The Ku Klux Klan, founded in the late 1860’s, experiences three major surges in popularity promoting ideals such as white supremacy, white nationalism, Nativism, anti-immigration, and anti-communism.

The first era of Ku Klux Klan experienced a rise in popularity in the late 1800’s with the intent of overthrowing Republican state governments in the South and ensuring that newly-freed southern African Americans did not vote. In 1871 their membership was oppressed by federal law enforcement (1871 Ku Klux Klan Act signed by President Grant to combat the KKK and other white supremacy groups).  

The second Ku Klux Klan group flourished nationwide in the 1920’s on the platform of pro-prohibition and anti-Catholicism and anti-Jewish feelings. They experience a diminished population in the late 1920’s (around the time of the Great Depression; a time of mass American economic hardship).  

The modern-day third wave of the Ku Klux Klan came about in the late 1950’s opposing the civil rights movement. Current membership, as of 2016, amounts to an estimated 3,000-6,000 active members.

Answer:

Although the KKK had reemerged in the South in 1915, it wasn’t until after the end of World War I that the organization experienced a national resurgence. Membership in the KKK skyrocketed from a few thousand to over 100,000 in a mere ten months. Local chapters of the KKK sprang up all over the country, and by the 1920s, it had become a truly national organization, with a formidable presence not just in the South, but in New England, the Midwest, and all across the northern United States.

The members of the Ku Klux Klan were mostly white Protestant middle-class men, and they framed their crusade in moral and religious terms. They saw themselves as vigilantes restoring justice, and they used intimidation, threats of violence, and actual violence to prevent African Americans, immigrants, Catholics, Jews, liberals, and progressives from attaining wealth, social status, and political power.
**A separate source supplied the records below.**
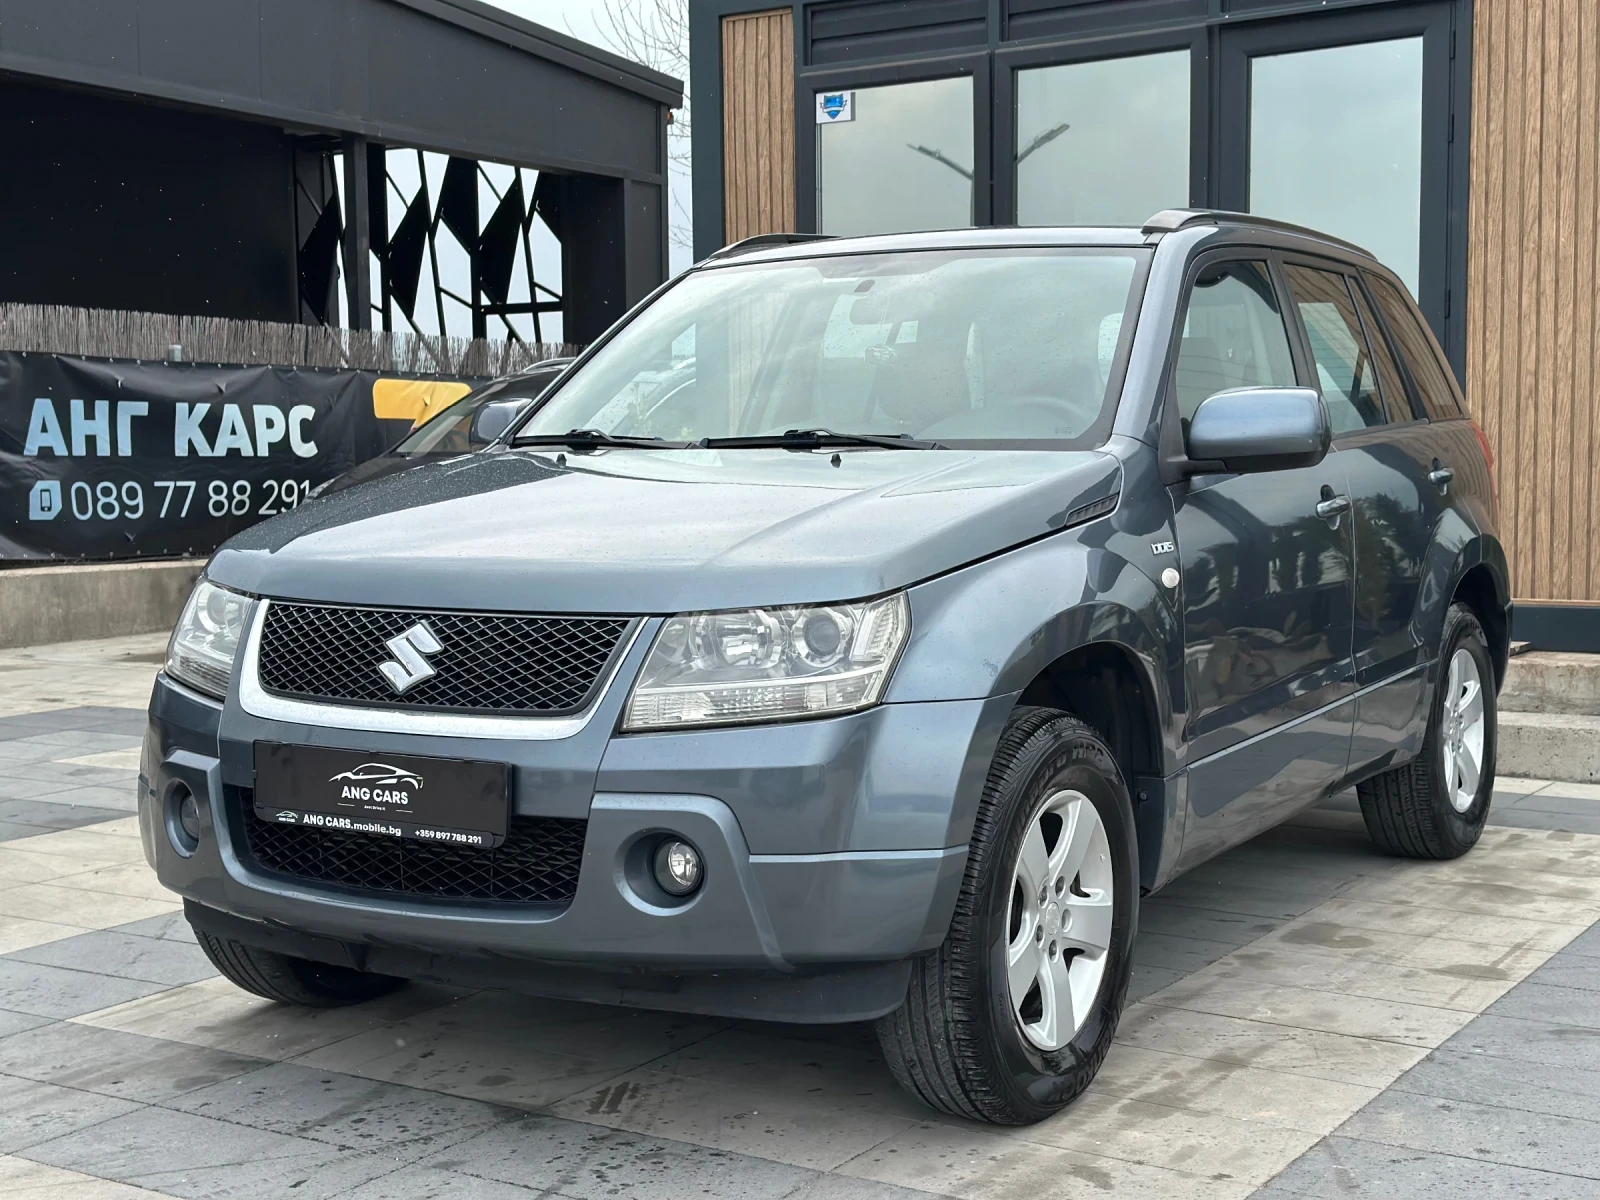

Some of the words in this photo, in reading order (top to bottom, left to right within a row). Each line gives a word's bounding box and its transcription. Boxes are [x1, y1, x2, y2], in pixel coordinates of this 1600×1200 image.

[24, 398, 149, 457] АНГ
[174, 402, 319, 458] КАРС
[71, 481, 143, 520] 089
[154, 481, 196, 518] 77
[208, 479, 251, 517] 88
[341, 785, 371, 801] ANG
[372, 788, 409, 805] CARS
[303, 813, 324, 826] ANG
[325, 816, 402, 837] CARS.mobile.bg
[415, 829, 435, 838] +359
[436, 831, 451, 840] 897
[451, 833, 467, 842] 788
[467, 835, 482, 844] 291
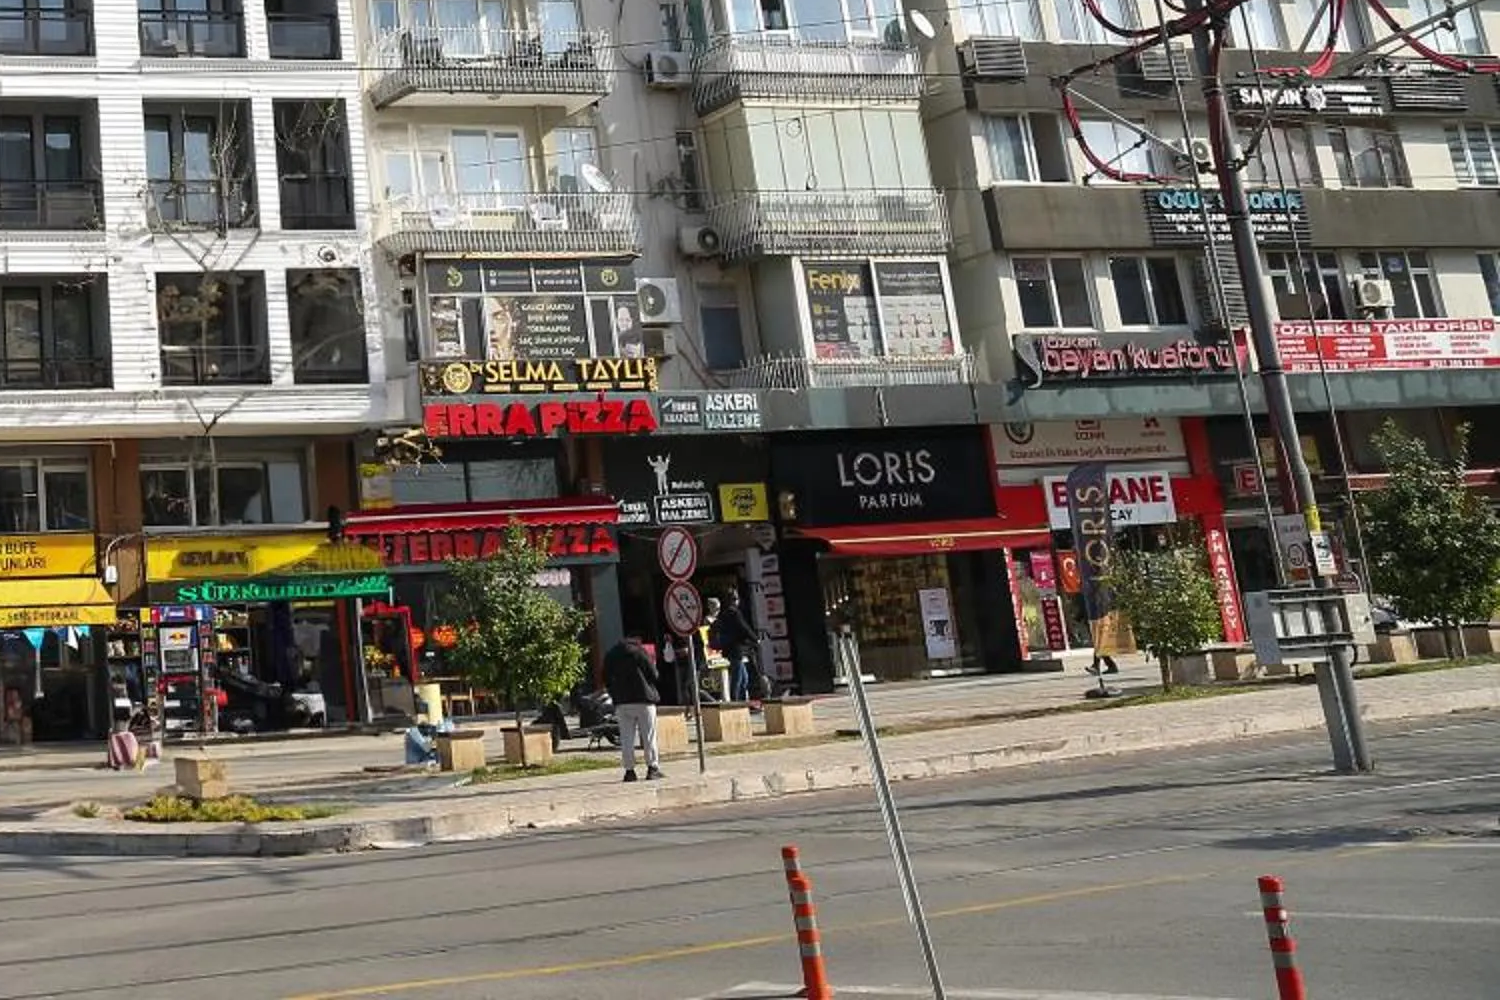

KKK members wore elaborate costumes with distinctive white hoods to mask their identities, and held nocturnal rallies to plot acts of terror and foment hatred against people deemed not “truly” American—basically, anyone who was not white and Protestant. The activities of Klansmen ranged from issuing threats and burning crosses to outright violence and atrocities such as tarring and feathering, beating, lynching, and assassination.

The revival of the KKK in the early twentieth century reflected a society struggling with the effects of industrialization, urbanization, and immigration. Klan chapters in major urban areas expanded as many white Americans became bitter and resentful about immigration from Asia and Eastern Europe. Klansmen complained that these immigrants were taking jobs away from whites and diluting the imagined “racial purity” of American society. Given that the country had been populated by immigrants from the beginning, such ideas of racial purity were complete myths.